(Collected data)
──────
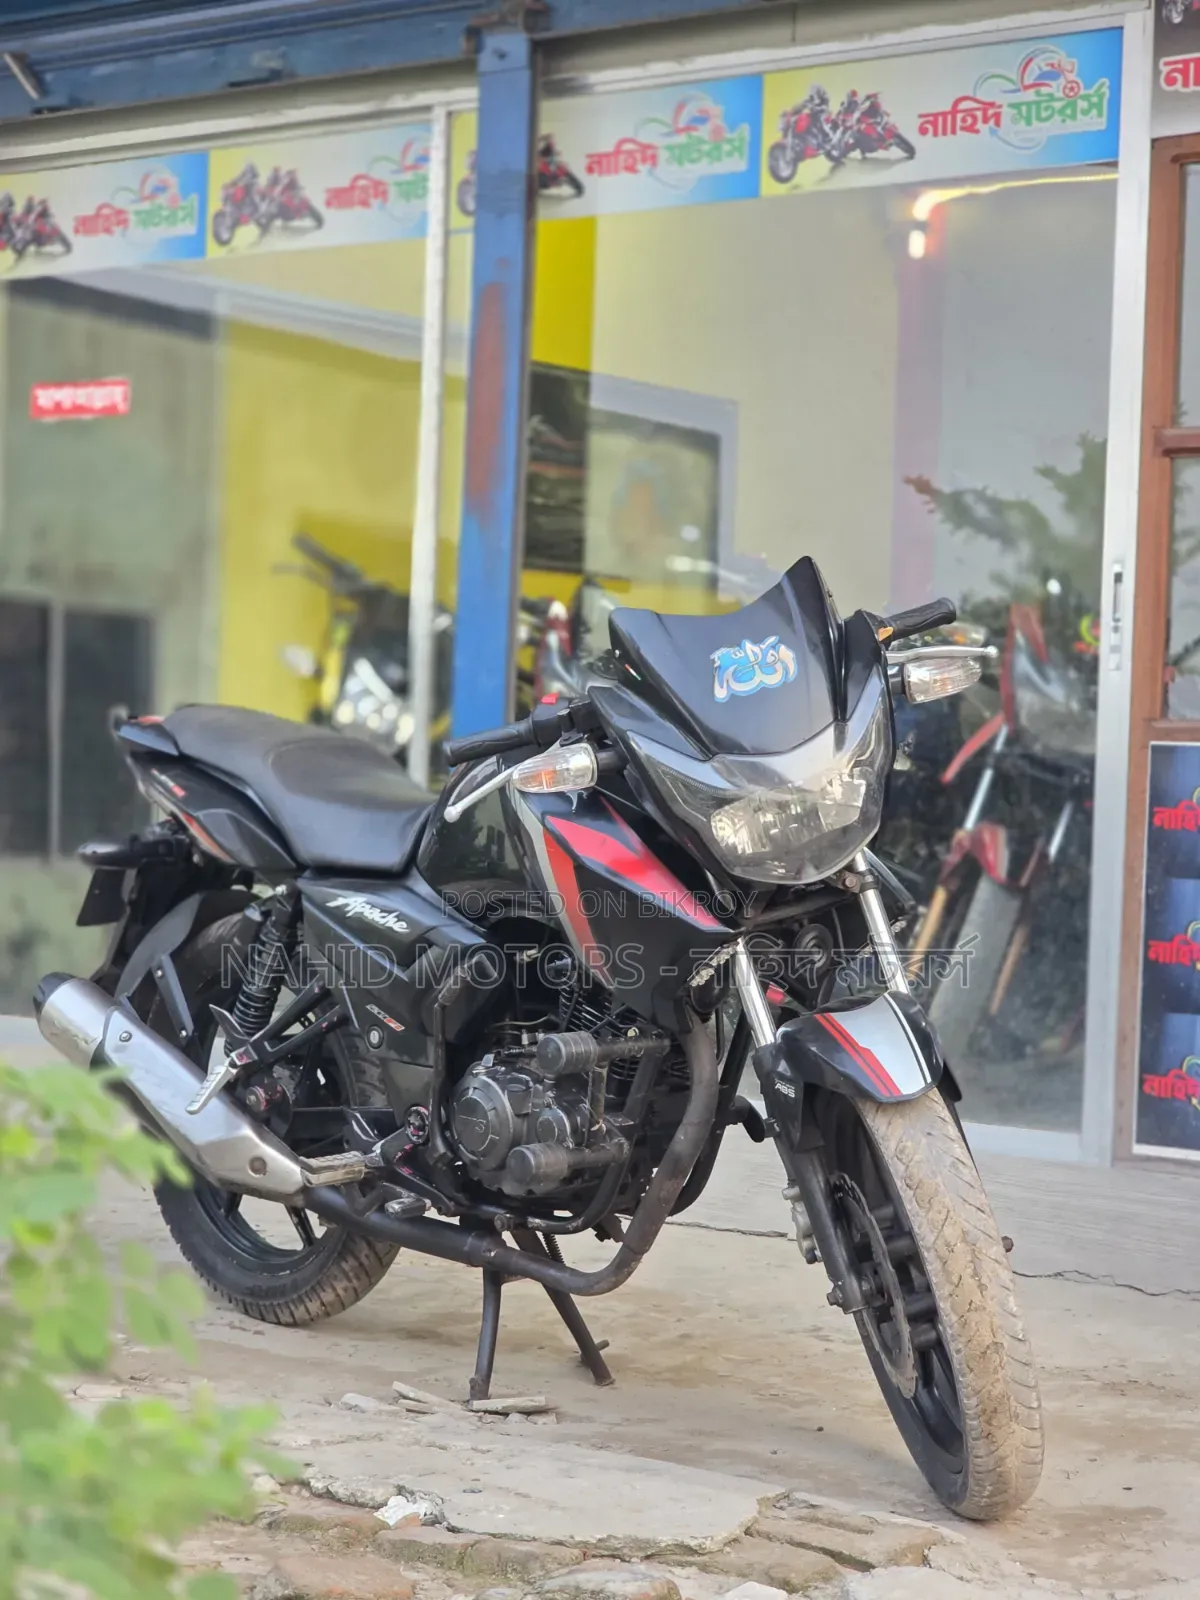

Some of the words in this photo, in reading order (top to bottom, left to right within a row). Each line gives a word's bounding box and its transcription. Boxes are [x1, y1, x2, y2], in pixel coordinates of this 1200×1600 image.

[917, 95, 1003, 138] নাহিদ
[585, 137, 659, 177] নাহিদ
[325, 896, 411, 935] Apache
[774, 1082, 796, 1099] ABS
──────
## EXERCISE
Every entry above should be printed again exactly, except for the pictures.

## RESULT OF THIS TASK
Some of the words in this photo, in reading order (top to bottom, left to right within a row). Each line gives a word's bounding box and its transcription. Boxes are [x1, y1, x2, y2], in pixel coordinates of this 1200×1600 image.

[917, 95, 1003, 138] নাহিদ
[585, 137, 659, 177] নাহিদ
[325, 896, 411, 935] Apache
[774, 1082, 796, 1099] ABS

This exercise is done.